Diversity and inclusion are the key for struggling corporations to successfully revive their fortunes, Yukako Uchinaga, vice chairwoman of Benesse Corp. and chief executive officer of Berlitz International Inc., told the audience at one of the sessions.

Uchinaga, a former executive of IBM Japan, referred to the introduction of a diversity program by IBM's former CEO Louis Gerstner that was credited with turning around the embattled company in the 1990s.

"Today, changes in the marketplace, especially due to technology innovations, are the principal driving force prodding businesses to transform their corporate cultures. Key to the success of this process is diversity, which aims at fully utilizing the potential of workers with different perspectives," Uchinaga said.

Uchinaga's observation was endorsed by Renee Fraser, CEO of Fraser Communications, an advertising agency in Los Angeles. Fraser referred to the findings of a survey of the largest U.S. companies ranked in the annual Fortune 1,000 list.

The survey showed that the firms that appoint women to upper management positions are 53 percent more profitable than those with male-dominated management.

This is a natural consequence of the fact that more than 80 percent of purchasing decisions in the overall U.S. market are made by women, Fraser said.

However, an ideological approach does not suffice to effectively implement diversity initiatives, Itaru Koeda, honorary chairman of Nissan Motor Co., told the audience.

"Management should offer women employees more challenging tasks. But only a few women dare to take such an opportunity," he said.

Japanese female employees' relative hesitancy to take on challenging assignments can be attributed to the absence of role models in Japanese corporate society, Michiko Achilles, managing executive officer and chief human resources officer at Aozora Bank, said at another session.

The gender gap still remains the biggest issue in promoting diversity initiatives in Japanese organizations, Achilles said, recalling her past experiences as a human resources manager at global companies.
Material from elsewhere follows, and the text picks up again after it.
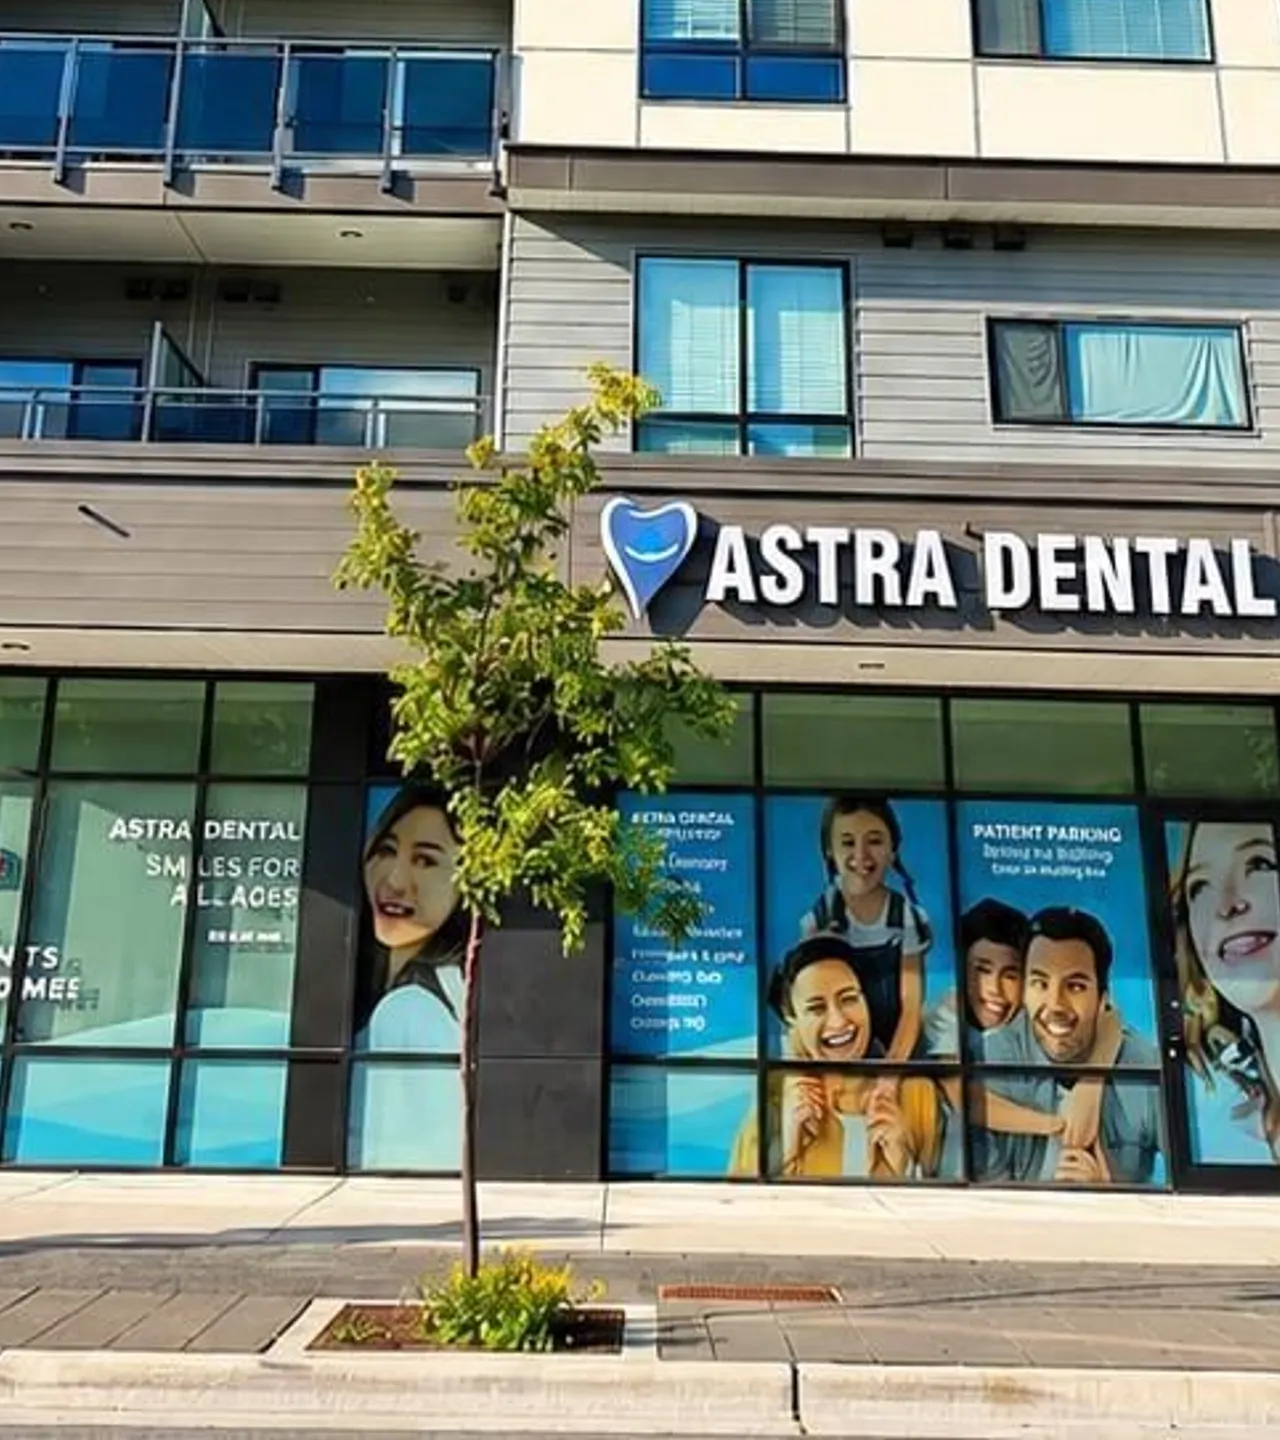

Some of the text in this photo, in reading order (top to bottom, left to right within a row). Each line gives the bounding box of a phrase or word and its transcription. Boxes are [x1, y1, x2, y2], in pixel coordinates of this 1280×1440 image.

[705, 524, 1277, 617] ASTRA DENTAL
[109, 817, 301, 841] ASTRA DENTAL
[146, 854, 301, 878] SMLES FOR
"Yet, we are now in an advantageous position in that we can learn from the history and experiences of diversity programs in the United States," she said.

Achilles, who currently supervises six men at Aozora's human resources section, said that at first her subordinates seemed uneasy about working under a new woman manager.
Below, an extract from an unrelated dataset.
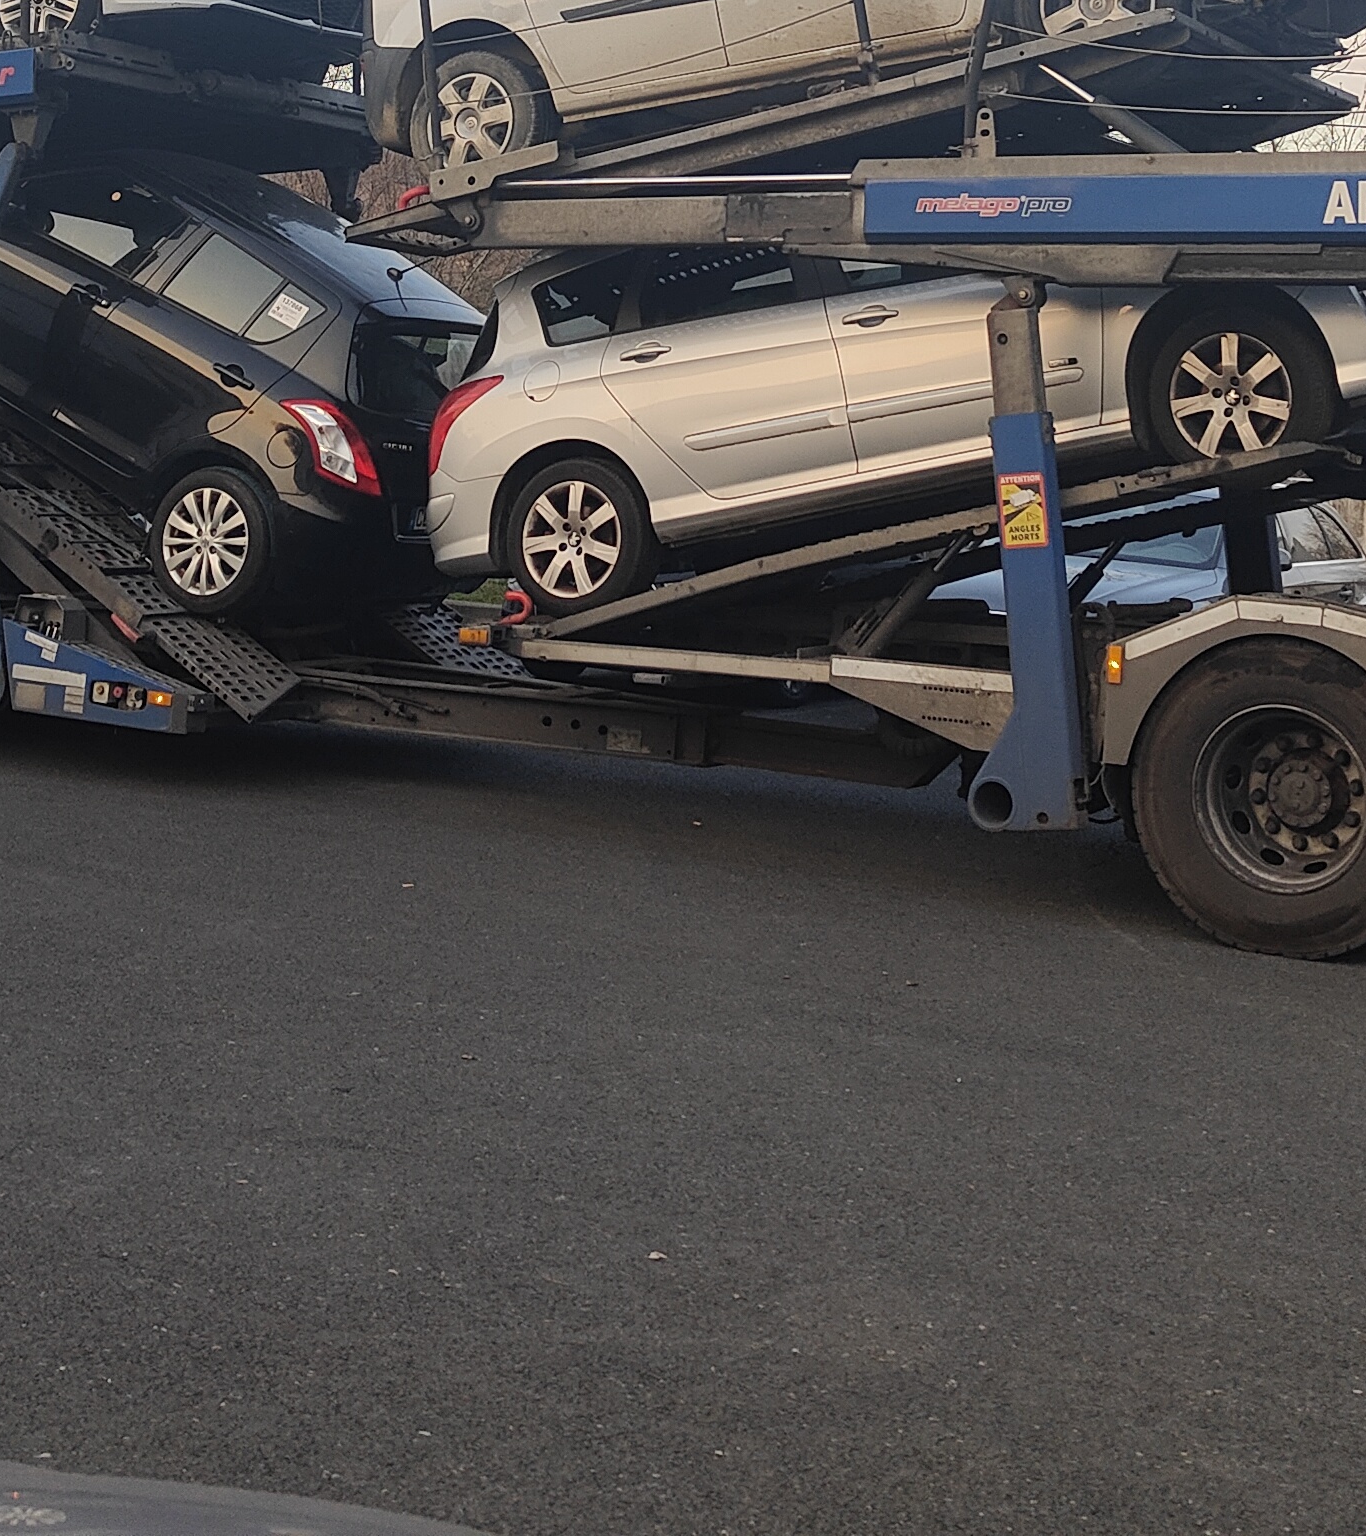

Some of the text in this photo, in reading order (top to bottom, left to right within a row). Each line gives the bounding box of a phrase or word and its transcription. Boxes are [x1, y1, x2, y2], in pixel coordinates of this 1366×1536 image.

[1000, 474, 1041, 484] ATTENTION
[1009, 524, 1041, 533] ANGLES
[1011, 533, 1040, 541] MORTS
"They have eventually come to realize the importance of experiencing a different sort of management style (by women)," she smiled.
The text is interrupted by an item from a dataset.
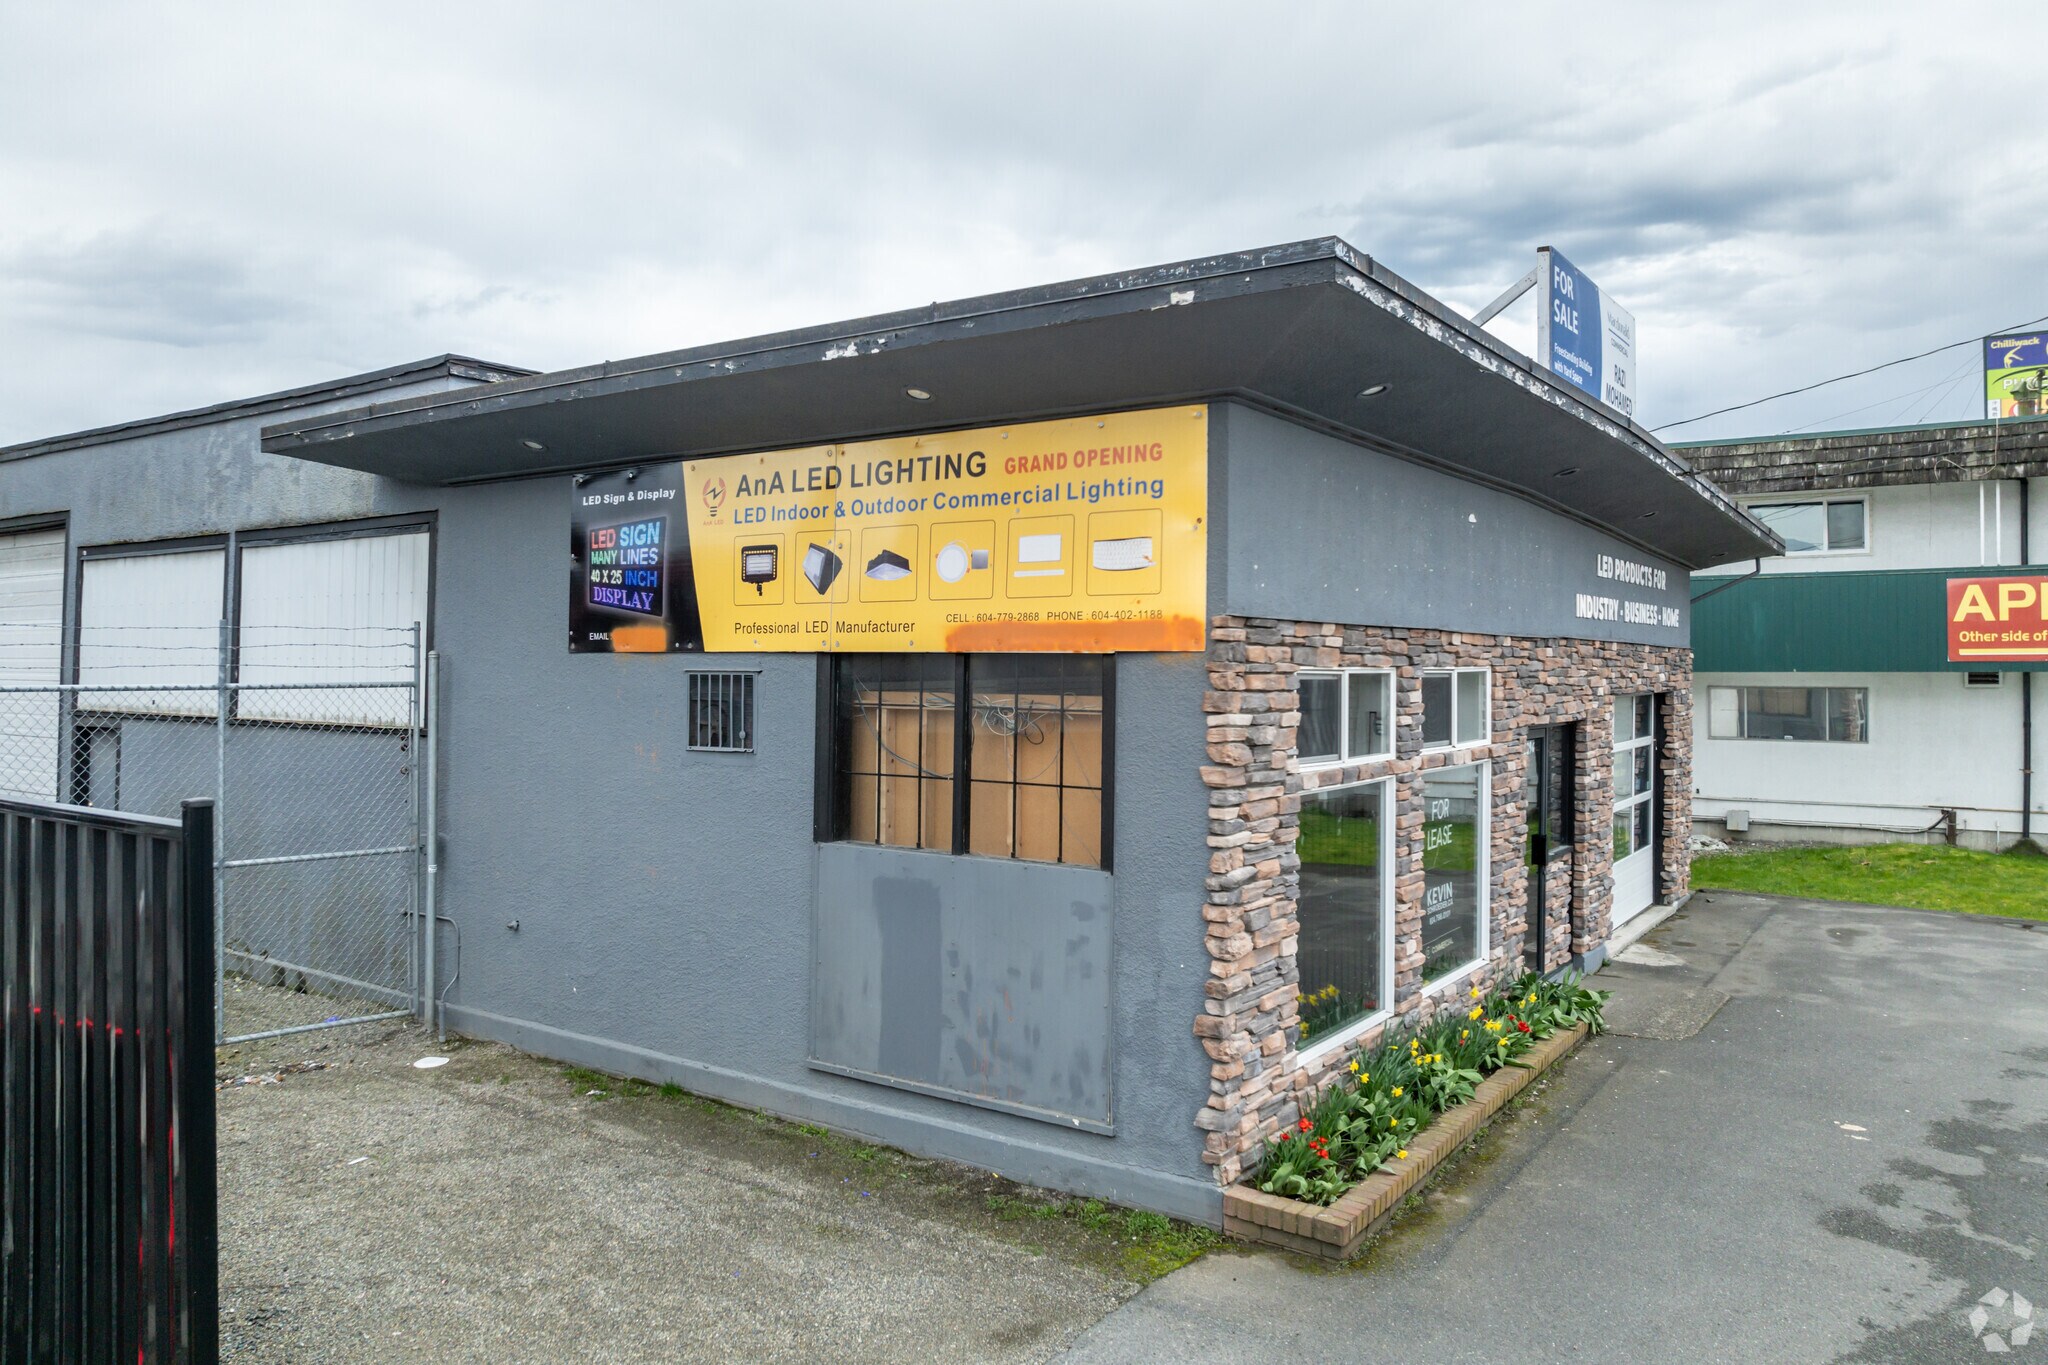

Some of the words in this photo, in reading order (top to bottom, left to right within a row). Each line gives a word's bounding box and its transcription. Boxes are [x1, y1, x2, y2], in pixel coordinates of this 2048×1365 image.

Haruko Watanabe, another panelist at the session, had the rare experience for a woman of working at the Bank of Japan for 15 years, before becoming managing director at Goldman Sachs Japan Co.

A diversity program was introduced in the Japanese operations of the giant U.S. investment bank seven years ago.

"Today, no male managers at the middle and top levels doubt the relevancy of the diversity program. It's great progress," Watanabe said.

She said she is confident that diversity initiatives benefit all the stakeholders of corporations — employees, customers and shareholders — because they enhance corporate value and boost the corporate brand image.

"The top management's undaunted engagement, coupled with persistent grassroots activities at the rank-and-file level, is imperative to successfully promote diversity," she advised.

Top management is held accountable for convincing managers and employees of the strategic importance of diversity initiatives, agreed Anthony P. Carter, a vice president and chief diversity officer at Johnson & Johnson, a global American pharmaceutical and medical devices manufacturer.

A diversity strategy is crucial for companies like Johnson & Johnson that operate in diverse global markets and try to meet the various needs of diverse consumers in each market, Carter stressed.

Japanese businesses are lagging far behind their U.S. counterparts in introducing diversity initiatives, Hiroko Tatebe, founder and executive director of forum organizer GOLD, told The Japan Times in summing up.

"We must expand the trans-Pacific network of people, both men and women, who are aware of the significance of diversity," Tatebe said.

She added that she hopes Japanese corporations, especially giant multinationals, will eventually realize the close correlation between diversity management and business opportunities.